- [Assigned task]
Reproduce word for word every line of the entries below, from the line containing "this 1280×1080 image." through the final line, and nothing else.

- [Data records]
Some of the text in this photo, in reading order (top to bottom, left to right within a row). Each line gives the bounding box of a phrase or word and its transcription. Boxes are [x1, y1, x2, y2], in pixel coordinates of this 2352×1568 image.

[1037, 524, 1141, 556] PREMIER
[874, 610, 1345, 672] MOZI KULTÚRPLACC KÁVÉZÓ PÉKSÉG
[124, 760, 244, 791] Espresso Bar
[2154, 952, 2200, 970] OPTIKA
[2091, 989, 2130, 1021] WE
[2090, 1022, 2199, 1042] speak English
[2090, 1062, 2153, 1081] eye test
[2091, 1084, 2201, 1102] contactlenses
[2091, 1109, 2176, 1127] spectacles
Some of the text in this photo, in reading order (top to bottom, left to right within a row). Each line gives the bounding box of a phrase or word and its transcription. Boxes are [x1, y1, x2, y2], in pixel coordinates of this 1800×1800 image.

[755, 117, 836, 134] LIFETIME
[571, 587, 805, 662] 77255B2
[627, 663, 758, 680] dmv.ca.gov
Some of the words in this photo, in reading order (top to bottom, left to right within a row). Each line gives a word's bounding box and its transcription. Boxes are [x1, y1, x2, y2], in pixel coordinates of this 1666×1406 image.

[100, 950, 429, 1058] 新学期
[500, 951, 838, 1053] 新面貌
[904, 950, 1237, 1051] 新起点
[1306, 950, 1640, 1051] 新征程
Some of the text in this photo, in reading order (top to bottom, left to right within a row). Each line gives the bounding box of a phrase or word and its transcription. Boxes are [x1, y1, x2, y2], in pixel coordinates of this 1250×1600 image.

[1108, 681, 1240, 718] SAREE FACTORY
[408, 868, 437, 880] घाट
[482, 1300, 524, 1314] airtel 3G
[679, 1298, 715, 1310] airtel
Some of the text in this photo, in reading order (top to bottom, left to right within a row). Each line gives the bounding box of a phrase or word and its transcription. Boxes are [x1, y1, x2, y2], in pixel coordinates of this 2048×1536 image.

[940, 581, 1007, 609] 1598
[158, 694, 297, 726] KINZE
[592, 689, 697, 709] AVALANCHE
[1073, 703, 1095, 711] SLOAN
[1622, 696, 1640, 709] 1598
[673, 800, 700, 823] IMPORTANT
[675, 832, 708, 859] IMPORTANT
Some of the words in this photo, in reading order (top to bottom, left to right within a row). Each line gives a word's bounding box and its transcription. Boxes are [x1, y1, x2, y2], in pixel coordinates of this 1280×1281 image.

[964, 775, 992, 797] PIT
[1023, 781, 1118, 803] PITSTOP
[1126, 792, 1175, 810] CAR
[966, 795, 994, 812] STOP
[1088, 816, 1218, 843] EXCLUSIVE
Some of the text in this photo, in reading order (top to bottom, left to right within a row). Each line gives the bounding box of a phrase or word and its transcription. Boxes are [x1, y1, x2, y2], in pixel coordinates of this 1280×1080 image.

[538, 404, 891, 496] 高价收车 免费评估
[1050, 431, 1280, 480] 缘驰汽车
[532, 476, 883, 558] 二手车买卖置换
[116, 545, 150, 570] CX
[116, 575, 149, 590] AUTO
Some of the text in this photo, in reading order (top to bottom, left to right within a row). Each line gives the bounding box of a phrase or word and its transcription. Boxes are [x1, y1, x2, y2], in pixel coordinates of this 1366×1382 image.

- [Solution to this task]
Some of the text in this photo, in reading order (top to bottom, left to right within a row). Each line gives the bounding box of a phrase or word and its transcription. Boxes are [x1, y1, x2, y2], in pixel coordinates of this 1280×1080 image.

[538, 404, 891, 496] 高价收车 免费评估
[1050, 431, 1280, 480] 缘驰汽车
[532, 476, 883, 558] 二手车买卖置换
[116, 545, 150, 570] CX
[116, 575, 149, 590] AUTO
Some of the text in this photo, in reading order (top to bottom, left to right within a row). Each line gives the bounding box of a phrase or word and its transcription. Boxes are [x1, y1, x2, y2], in pixel coordinates of this 1366×1382 image.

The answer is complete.